Australian Dollar Falls as Risk Assets Retreat, Remains Ahead for Weekly Gains
Australian Dollar Falls Amid Global Risk Aversion
- Date: March 13, 2024
- Market Update: The Australian dollar was under pressure on Friday, with intensifying global risk aversion overcoming support from higher yields. The Aussie traded flat at $0.7080, having slipped 1.0% overnight and away from a 45-month peak of $0.71875.
Weekly Performance
The Aussie still managed to hold weekly gains on a crowd of peer currencies, rising 0.7% for the week. However, the kiwi dollar had a tougher time, losing 0.8% for the week to stand at $0.5854. A break of support at $0.5837 would risk a retreat to $0.5712.
Read also: Treasury Yields Experience Largest Increase in Two Weeks Following Release of Labor Market Data
Bond Market and Inflation Fears
Rising oil prices have fed inflation fears globally, lifting 10-year yields 13 basis points so far this week to as far as 5.00%, highs not seen since mid-2011. Markets have sharply narrowed the odds on the Reserve Bank of Australia hiking the cash rate a quarter point to 4.10% at its March 17 board meeting.
Rate Hike Expectations
All four major Australian banks are tipping a rate rise next week, with most also looking for a move to 4.35% in May. Markets imply around an 80% chance of a March hike and are fully priced for 4.35% by August. A rate hike would equal the post-pandemic peak for rates hit when core inflation peaked at 6.8%.

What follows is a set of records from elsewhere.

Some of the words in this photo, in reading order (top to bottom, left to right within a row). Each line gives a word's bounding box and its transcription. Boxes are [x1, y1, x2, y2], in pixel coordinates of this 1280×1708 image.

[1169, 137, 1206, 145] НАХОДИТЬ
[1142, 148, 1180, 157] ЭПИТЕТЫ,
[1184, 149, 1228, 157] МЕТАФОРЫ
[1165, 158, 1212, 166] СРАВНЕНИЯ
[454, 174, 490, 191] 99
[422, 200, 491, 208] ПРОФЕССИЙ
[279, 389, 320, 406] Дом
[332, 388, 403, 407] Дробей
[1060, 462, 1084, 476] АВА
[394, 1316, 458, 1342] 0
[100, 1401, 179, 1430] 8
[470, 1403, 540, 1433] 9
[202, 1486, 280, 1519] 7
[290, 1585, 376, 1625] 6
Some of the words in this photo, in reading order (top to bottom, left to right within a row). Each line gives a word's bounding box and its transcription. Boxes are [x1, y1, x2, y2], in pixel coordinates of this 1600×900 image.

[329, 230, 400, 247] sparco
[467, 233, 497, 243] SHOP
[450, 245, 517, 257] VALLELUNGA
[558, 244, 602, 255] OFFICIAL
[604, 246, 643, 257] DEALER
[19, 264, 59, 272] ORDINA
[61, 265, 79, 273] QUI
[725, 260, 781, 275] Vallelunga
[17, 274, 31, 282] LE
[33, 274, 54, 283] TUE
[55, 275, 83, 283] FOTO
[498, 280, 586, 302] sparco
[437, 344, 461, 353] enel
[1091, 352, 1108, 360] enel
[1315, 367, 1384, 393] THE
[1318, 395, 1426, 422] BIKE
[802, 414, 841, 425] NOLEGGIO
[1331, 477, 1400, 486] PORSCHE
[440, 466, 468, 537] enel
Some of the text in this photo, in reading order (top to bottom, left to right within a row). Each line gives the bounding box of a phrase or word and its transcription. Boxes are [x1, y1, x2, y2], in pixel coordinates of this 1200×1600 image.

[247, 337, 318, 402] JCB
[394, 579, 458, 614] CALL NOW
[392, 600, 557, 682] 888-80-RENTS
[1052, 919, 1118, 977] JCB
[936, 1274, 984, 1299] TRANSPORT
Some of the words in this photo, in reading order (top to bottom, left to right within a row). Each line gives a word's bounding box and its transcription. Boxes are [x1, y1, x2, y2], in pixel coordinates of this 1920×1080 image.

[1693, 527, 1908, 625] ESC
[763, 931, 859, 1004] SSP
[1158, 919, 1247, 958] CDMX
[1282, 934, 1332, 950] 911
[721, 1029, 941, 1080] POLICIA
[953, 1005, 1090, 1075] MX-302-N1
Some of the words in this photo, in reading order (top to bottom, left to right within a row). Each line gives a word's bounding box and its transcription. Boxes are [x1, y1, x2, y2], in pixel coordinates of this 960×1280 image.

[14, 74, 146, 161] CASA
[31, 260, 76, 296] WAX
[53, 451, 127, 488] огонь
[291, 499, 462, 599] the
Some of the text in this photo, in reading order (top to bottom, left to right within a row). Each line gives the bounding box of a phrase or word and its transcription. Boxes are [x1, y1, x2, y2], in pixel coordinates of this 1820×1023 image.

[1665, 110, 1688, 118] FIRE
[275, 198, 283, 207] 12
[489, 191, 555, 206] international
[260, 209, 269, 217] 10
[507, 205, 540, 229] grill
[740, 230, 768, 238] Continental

Read also: US-Iran Tensions Spark Uptick in Oil Prices Amid Global Market Decline
Central Bank Meetings
A gaggle of other central banks meet next week and are expected to stay on hold, with a risk the Federal Reserve and European Central Bank sound more hawkish on inflation.
Investor Takeaway
The Australian dollar may experience further decline due to intensifying risk aversion.